### Work to be completed
Leave the images aside and output every entry exactly.

### Data records
:::::
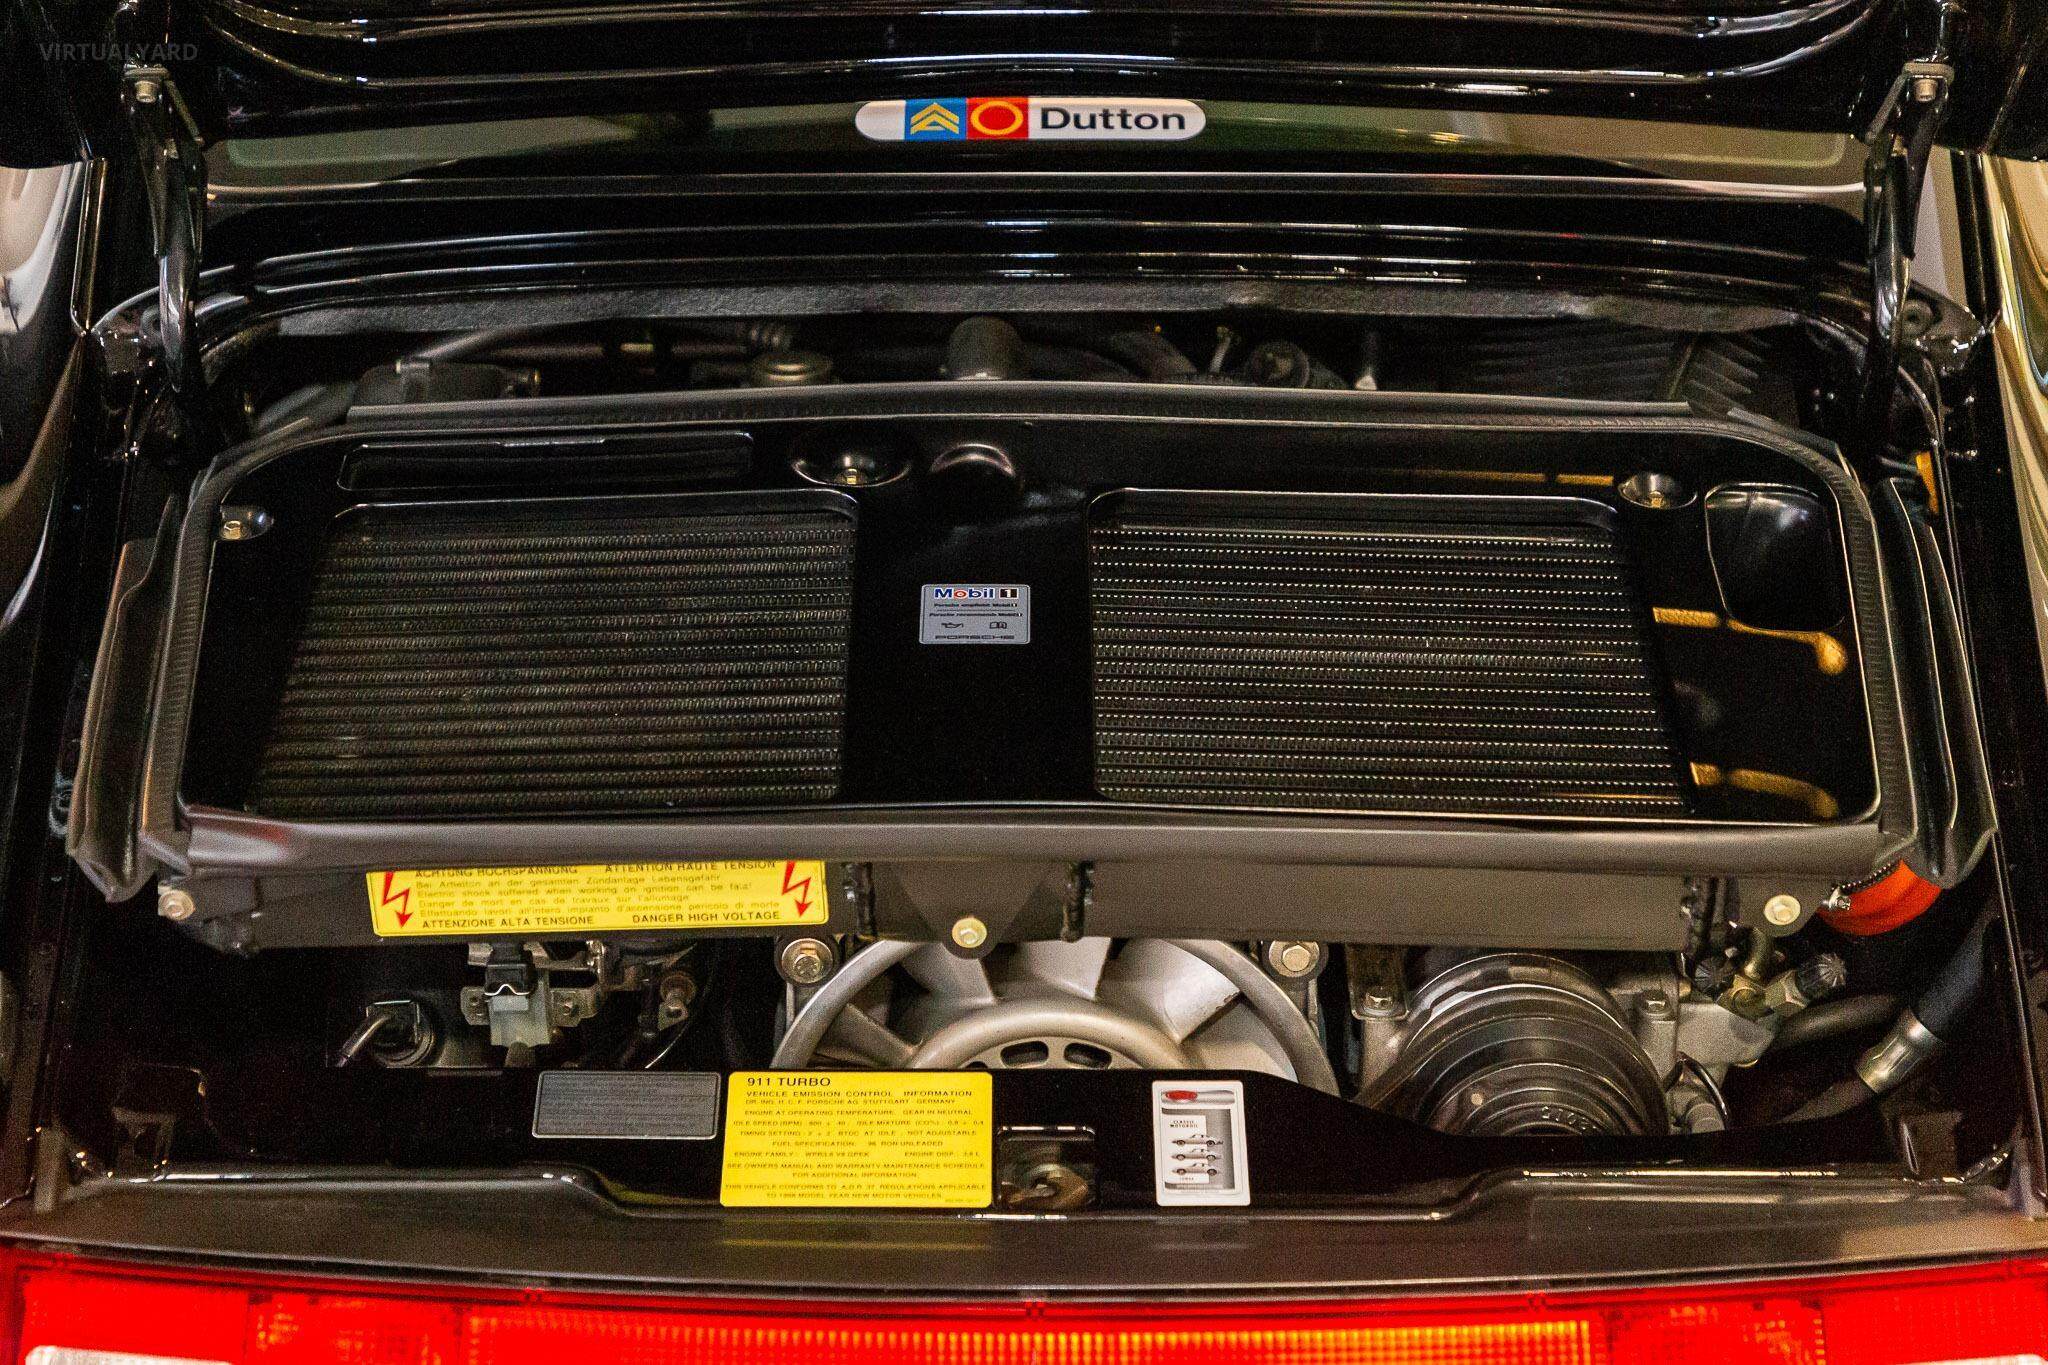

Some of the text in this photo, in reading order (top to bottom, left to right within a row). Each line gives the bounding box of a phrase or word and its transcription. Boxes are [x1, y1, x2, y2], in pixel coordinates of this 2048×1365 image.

[1040, 106, 1186, 129] Dutton
[934, 588, 994, 598] Mobil
[415, 866, 578, 878] ACHTUNG HOCHSPANNUNG
[605, 861, 775, 873] ATTENTION HAUTE TENSION
[422, 915, 593, 928] ATTENZIONE ALTA TENSIONE
[631, 911, 780, 923] DANGER HIGH VOLTAGE
[747, 1077, 831, 1087] 911 TURBO
:::::
### Completed exercise
Some of the text in this photo, in reading order (top to bottom, left to right within a row). Each line gives the bounding box of a phrase or word and its transcription. Boxes are [x1, y1, x2, y2], in pixel coordinates of this 2048×1365 image.

[1040, 106, 1186, 129] Dutton
[934, 588, 994, 598] Mobil
[415, 866, 578, 878] ACHTUNG HOCHSPANNUNG
[605, 861, 775, 873] ATTENTION HAUTE TENSION
[422, 915, 593, 928] ATTENZIONE ALTA TENSIONE
[631, 911, 780, 923] DANGER HIGH VOLTAGE
[747, 1077, 831, 1087] 911 TURBO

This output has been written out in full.